Oleh: Cut Putri Cory (Anggota ImuNe)

“Jangan dulu, Bang, biar umi baca dulu. Umi saring dulu,” ujarku kepada Farhan yang terlihat ngiler ingin melahap buku Rihlah Ibnu Bathuthah. Sebelumnya dia telah mengenal tokoh itu sebagai geografer Muslim, penjelajah yang mengelana bumi dan mencatat perjalanannya. Namun seperti biasa bahwa semua yang dibaca harus lebih dulu melalui proses screening emak, saya mengharuskan diri lebih dulu tahu isi buku itu sebelum Farhan.

Menarik. Buku ini bahasanya bertutur sekelas feature perjalanan, saya bisa membentuk bayang-bayang informasi yang disampaikan oleh Muhammad bin Abdullah bin Bathuthah dalam benak. Saya takjub, bukankah pada zaman itu tak dikenal istilah feature perjalanan? Belum pun ada mata kuliah feature di kampus-kampusnya, tapi orang hebat pada masa itu telah sangat ringan menuliskannya, dialah Ibnu Bathuthah. Seperti salah satu bab yang menjelaskan tentang negeri kegelapan, Sang Geografer Muslim itu menuliskan:

“Untuk menarik satu sado kecil diperlukan tiga ekor anjing, sementara seekor anjing memimpin di depan. Jika anjing pemimpin berhenti, anjing-anjing lain ikut berhenti pula. Anjing itu tidak boleh dipukul atau dibentak oleh si penumpang sado. Saat waktu makan tiba, anjing-anjing itulah yang diberi makan terlebih dahulu sebelum manusia. Jika hal ini dilanggar, maka anjing-anjing itu akan marah dan meninggalkan manusia di sana dalam kondisi tersesat.”

Sulitnya perjalanan menuju Negeri Kegelapan itu sungguh tergambar jelas pada bab ini, hal itu pulalah yang sangat mungkin menjadi salah satu pertimbangan Ibnu Bathuthah untuk tak menjadikan negeri itu sebagai tujuannya.

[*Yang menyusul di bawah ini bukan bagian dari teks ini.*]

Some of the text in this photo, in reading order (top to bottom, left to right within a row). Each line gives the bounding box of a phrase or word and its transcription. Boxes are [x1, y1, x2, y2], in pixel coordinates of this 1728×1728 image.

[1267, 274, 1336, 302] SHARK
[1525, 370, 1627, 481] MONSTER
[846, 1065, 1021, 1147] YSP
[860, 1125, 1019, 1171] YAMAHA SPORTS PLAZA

Dari bab ini, pembaca dapat memahami bahwa dalam rihlahnya, Ibnu Bathuthah tak sembarang menapak kakinya di setiap tempat, dia sangat selektif.

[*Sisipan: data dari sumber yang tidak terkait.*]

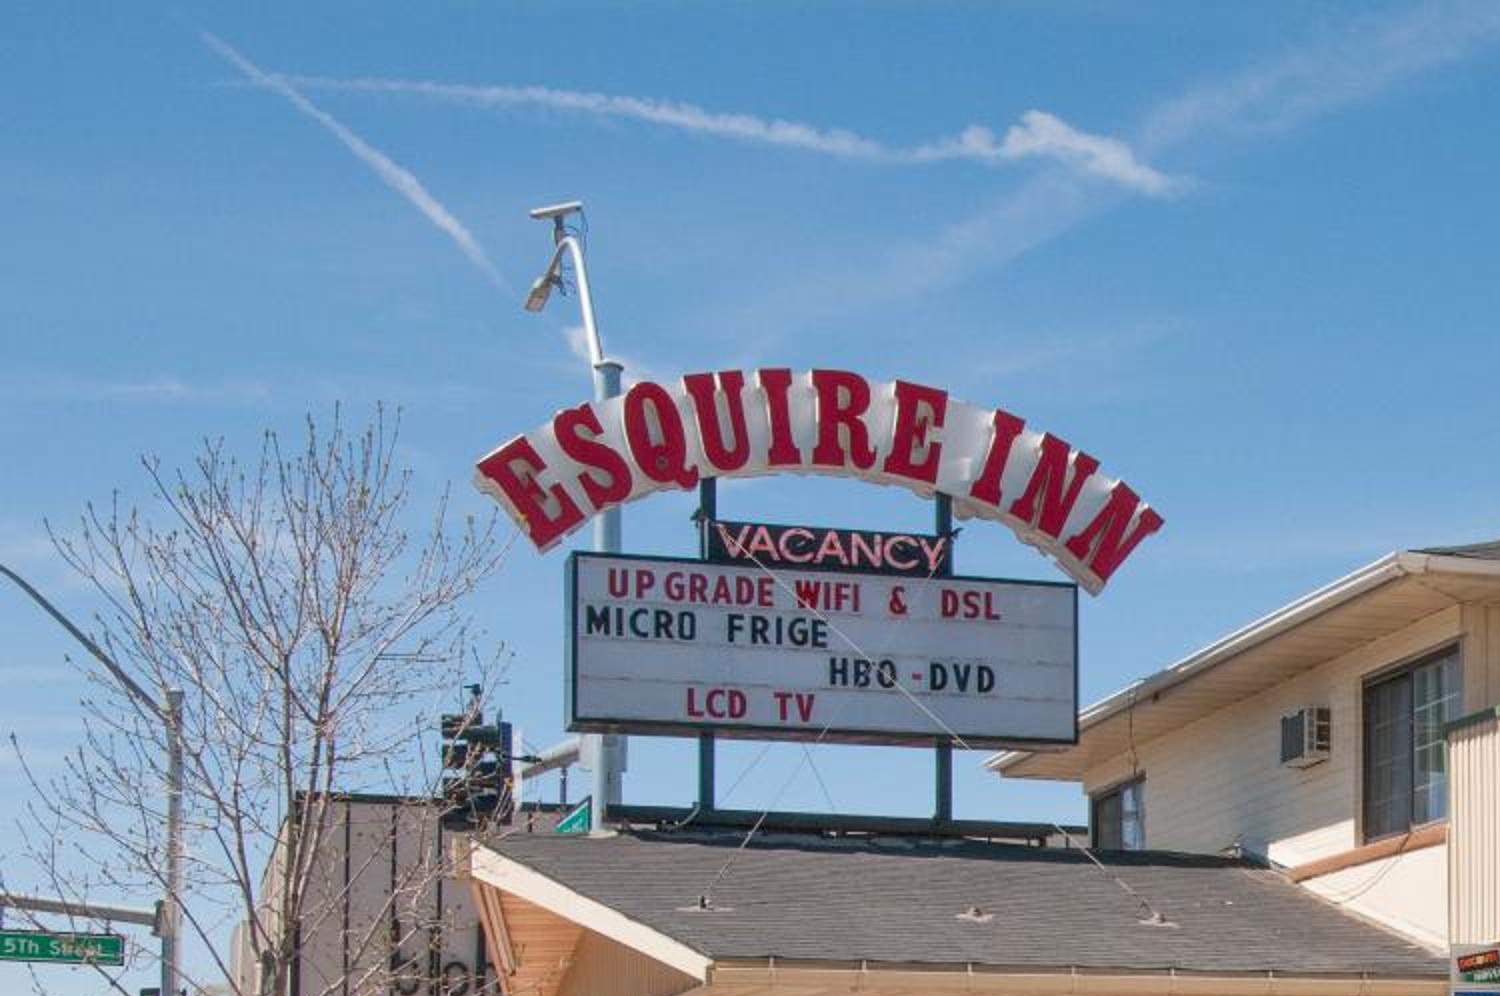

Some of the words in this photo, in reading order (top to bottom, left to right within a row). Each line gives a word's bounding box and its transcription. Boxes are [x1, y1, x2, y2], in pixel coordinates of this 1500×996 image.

[476, 367, 949, 549] ESQUIRE
[969, 408, 1166, 585] INN
[715, 523, 948, 571] VACANCY
[607, 567, 775, 608] UPGRADE
[794, 579, 862, 612] WIFI
[888, 584, 908, 615] &
[941, 588, 1002, 621] DSL
[585, 605, 697, 641] MICRO
[727, 613, 829, 648] FRIGE
[829, 657, 898, 689] HBO
[686, 687, 748, 719] LCD
[773, 691, 815, 722] TV

“Aku membatalkan rencana itu, karena mahalnya biaya perjalanan dan kecilnya manfaat yang aku dapatkan di sana,” tulisnya. Ini menunjukkan bahwa takkan dikunjungi suatu tempat oleh geografer ulung itu kecuali terjangkau olehnya dari segi pendanaan, sekaligus ada hikmah dalam perjalanan dan tempat yang ditujunya.

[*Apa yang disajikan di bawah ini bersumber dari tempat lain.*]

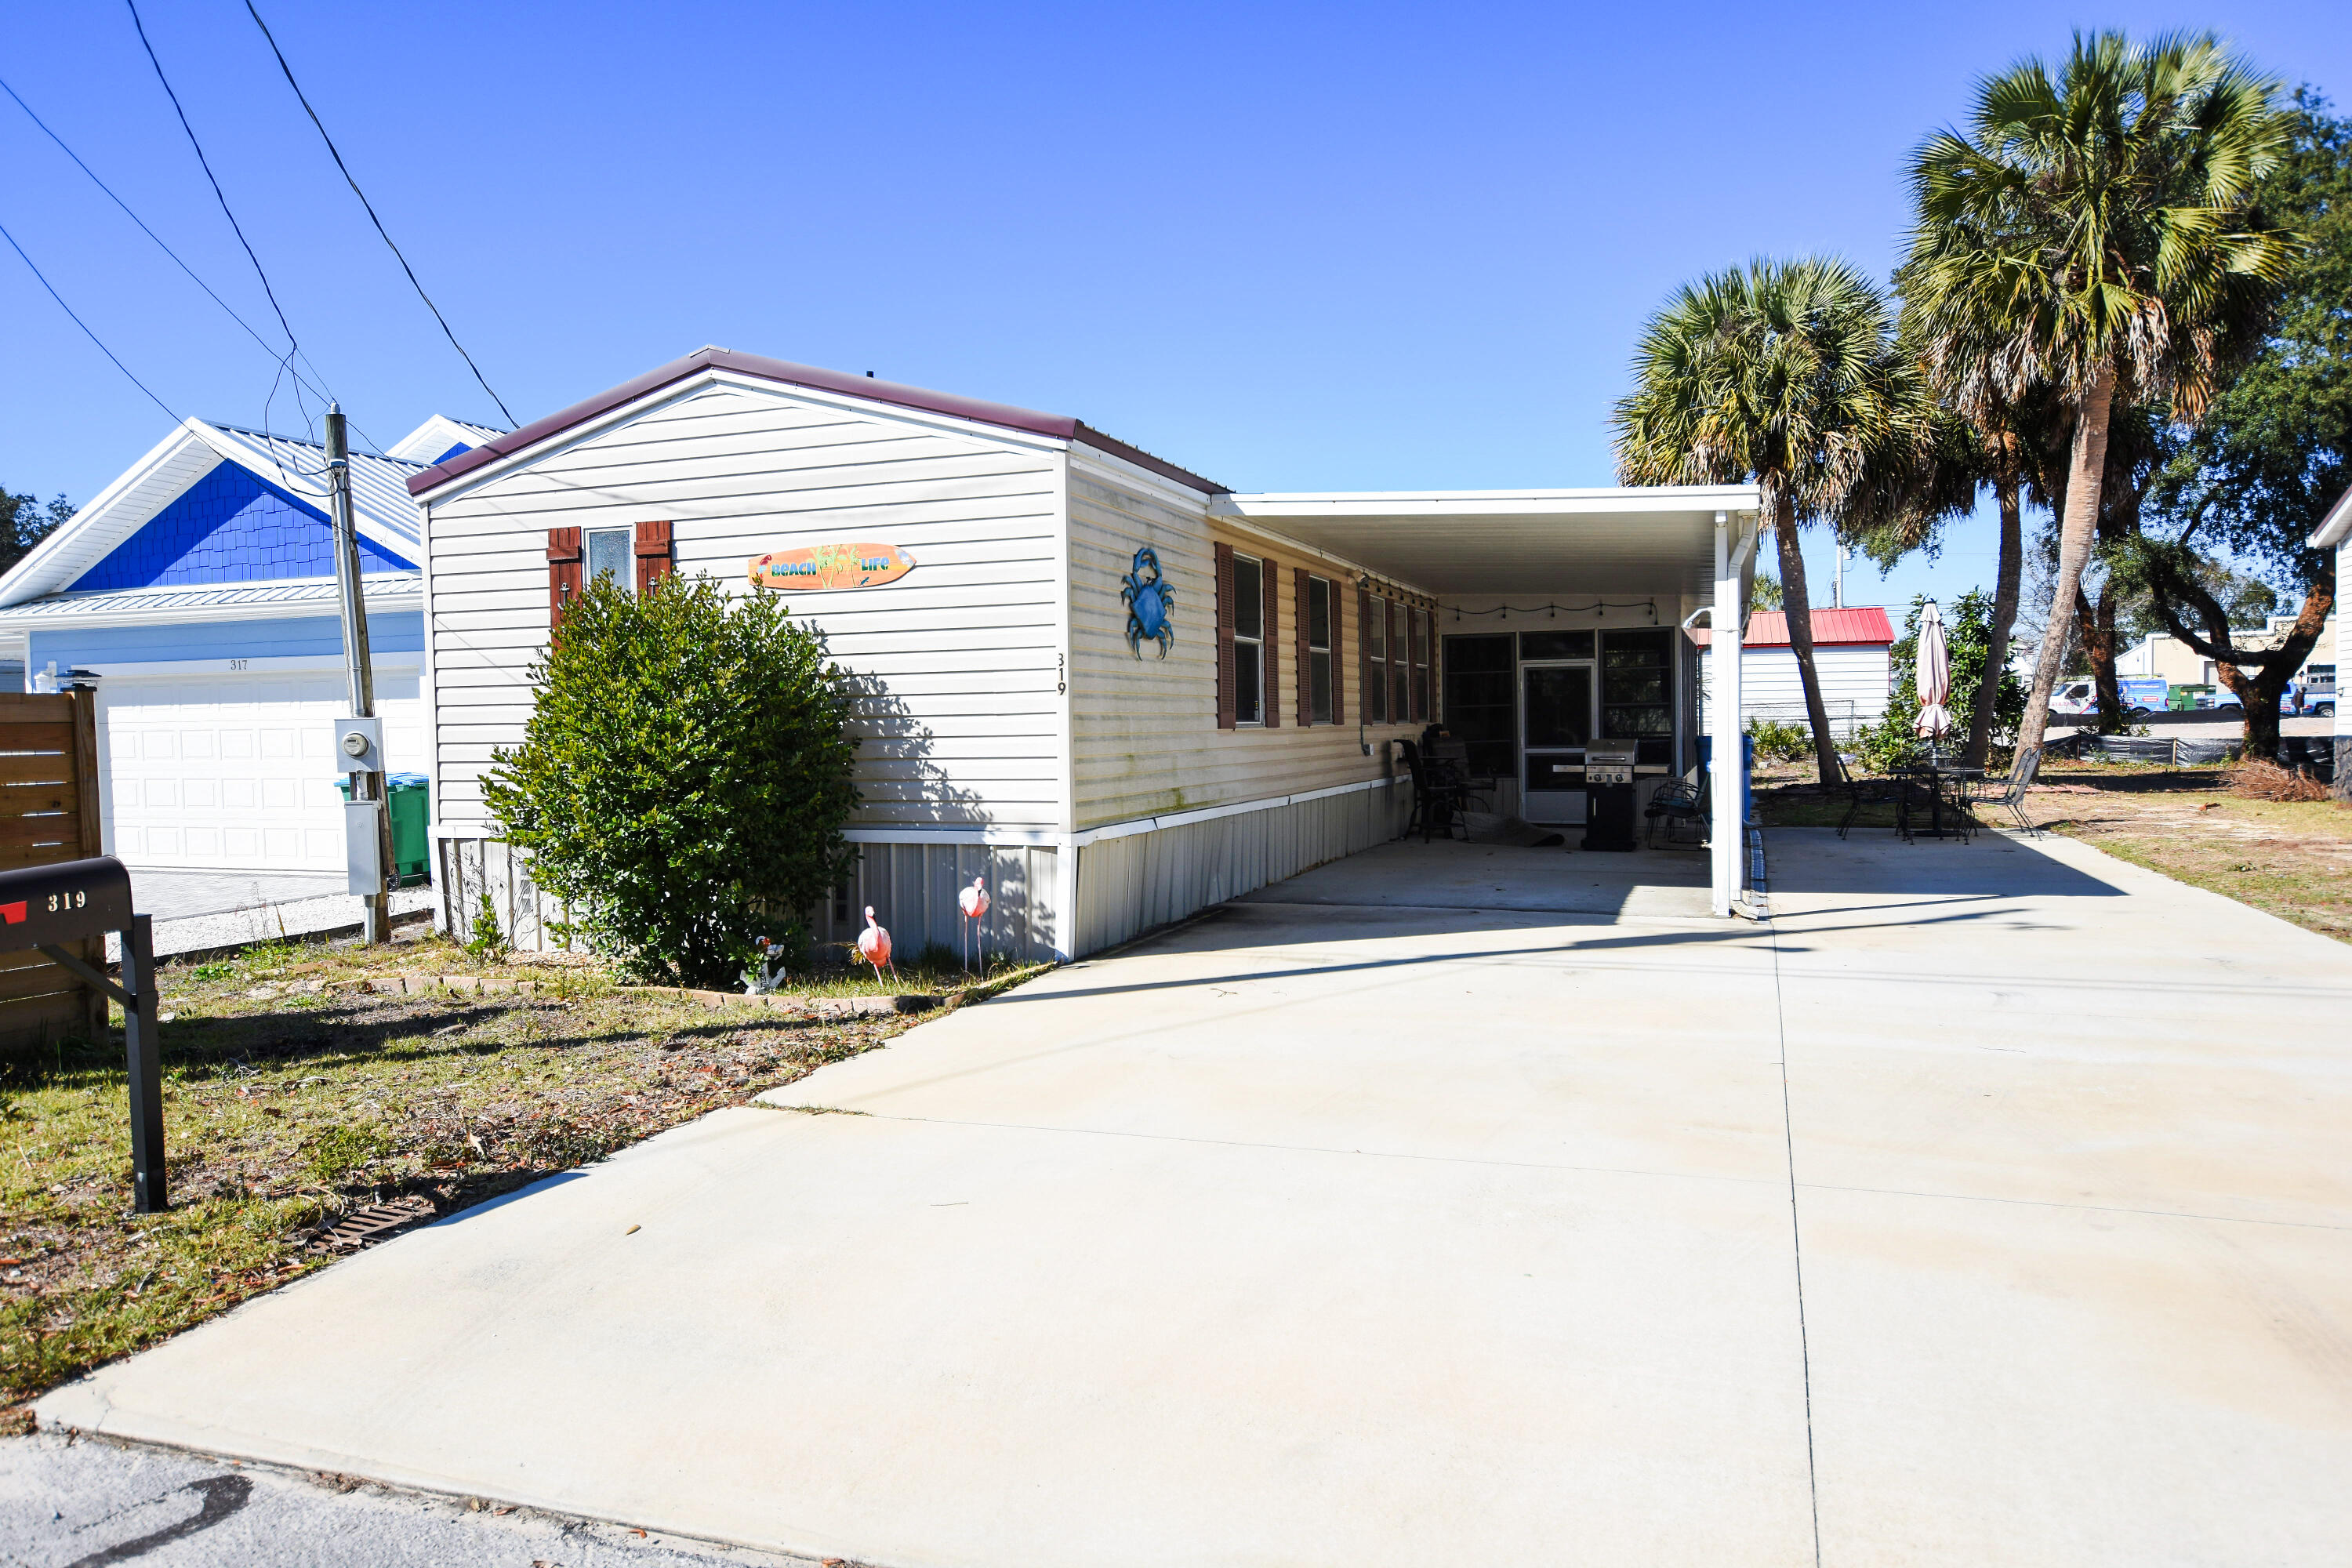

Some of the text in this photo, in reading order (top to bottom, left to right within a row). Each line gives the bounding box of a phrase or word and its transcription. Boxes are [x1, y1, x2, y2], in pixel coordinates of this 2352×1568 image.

Pada bab ini, pembaca diajak berwawasan tentang perjalanan ke negeri kegelapan yang tak mudah. Penulis terlihat begitu menguasai seolah pernah menjejak di sana. Ibnu Bathuthah piawai dalam ilmu deduksi, pada bagian-bagian tertentu dari catatannya, dia sangat detil dan menguasai. Yang pernah membaca Sherlock Holmes, tak berlebihan jika saya katakan bahwa Anda pasti menyukai catatan perjalanan Ibnu Bathuthah ini.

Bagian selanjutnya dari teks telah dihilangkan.